Dimitriadis et al. propose several tests based on comparing actual predictions to predictions when the probabilities are calibrated. This yields several possible tests of correctly calibrated predictions (i.e. that the expected proportion of true values matches the predicted probability).

brier_resampling_test(x, y, alpha = 0.05, B = 10000)

brier_resampling_p(x, y, B = 10000)

binary_miscalibration(x, y)

miscalibration_resampling_p(x, y, B = 10000)
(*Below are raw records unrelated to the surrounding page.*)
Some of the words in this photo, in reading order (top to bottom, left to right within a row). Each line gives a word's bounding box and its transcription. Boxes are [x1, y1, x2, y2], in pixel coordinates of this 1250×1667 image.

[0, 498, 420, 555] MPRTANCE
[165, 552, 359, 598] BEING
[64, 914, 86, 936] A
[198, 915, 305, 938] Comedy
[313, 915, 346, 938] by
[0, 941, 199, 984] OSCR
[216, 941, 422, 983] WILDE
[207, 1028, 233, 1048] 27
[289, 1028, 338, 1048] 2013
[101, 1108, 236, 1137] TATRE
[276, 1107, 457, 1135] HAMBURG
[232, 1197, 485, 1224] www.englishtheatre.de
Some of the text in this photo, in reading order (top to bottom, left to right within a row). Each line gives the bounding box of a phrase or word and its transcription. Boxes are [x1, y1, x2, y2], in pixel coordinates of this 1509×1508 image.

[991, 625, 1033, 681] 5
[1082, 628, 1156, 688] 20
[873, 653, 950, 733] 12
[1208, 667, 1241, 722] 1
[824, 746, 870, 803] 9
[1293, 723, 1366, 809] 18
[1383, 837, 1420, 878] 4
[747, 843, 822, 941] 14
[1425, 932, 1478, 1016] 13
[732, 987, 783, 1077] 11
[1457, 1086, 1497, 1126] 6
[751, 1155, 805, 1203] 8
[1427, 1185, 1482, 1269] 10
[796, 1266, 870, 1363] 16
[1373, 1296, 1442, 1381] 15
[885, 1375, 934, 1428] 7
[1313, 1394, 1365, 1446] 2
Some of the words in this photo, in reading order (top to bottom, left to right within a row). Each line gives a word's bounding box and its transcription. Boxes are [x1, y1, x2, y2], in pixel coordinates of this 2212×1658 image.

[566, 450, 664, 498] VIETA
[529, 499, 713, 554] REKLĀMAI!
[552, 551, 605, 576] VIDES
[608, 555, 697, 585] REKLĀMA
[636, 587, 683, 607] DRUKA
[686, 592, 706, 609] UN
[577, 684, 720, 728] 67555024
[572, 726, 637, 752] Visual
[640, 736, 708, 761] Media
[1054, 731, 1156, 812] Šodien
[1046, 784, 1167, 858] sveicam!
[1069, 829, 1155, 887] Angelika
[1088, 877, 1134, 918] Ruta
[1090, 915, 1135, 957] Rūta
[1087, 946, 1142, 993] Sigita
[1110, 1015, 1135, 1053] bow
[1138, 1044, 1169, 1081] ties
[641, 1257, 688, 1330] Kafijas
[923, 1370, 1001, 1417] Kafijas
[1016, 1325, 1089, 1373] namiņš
miscalibration_resampling_test(x, y, alpha = 0.05, B = 10000)

Arguments

x

the predicted success probabilities

y

the actual observed outcomes (just 0 or 1)

alpha

the type I error rate for the test

B

number of boostrap samples for the null distribution

Value

brier_resampling_test and miscalibration_resampling_test return an object of class htest, brier_resampling_p and miscalibration_resampling_p

return just the p-value (for easier use with automated workflows). binary_miscalibration computes just the miscalibration component using the PAV (pool adjacent violators) algorithm.

Details

The brier_ functions represent a test based on brier score, while the miscalibration_ functions represent a test based on miscalibration. In both cases we evaluate the null distribution via bootstrapping.

References

T. Dimitriadis, T. Gneiting, & A.I. Jordan,

Stable reliability diagrams for probabilistic classifiers, Proc. Natl. Acad. Sci. U.S.A. 118 (8) e2016191118, https://doi.org/10.1073/pnas.2016191118 (2021).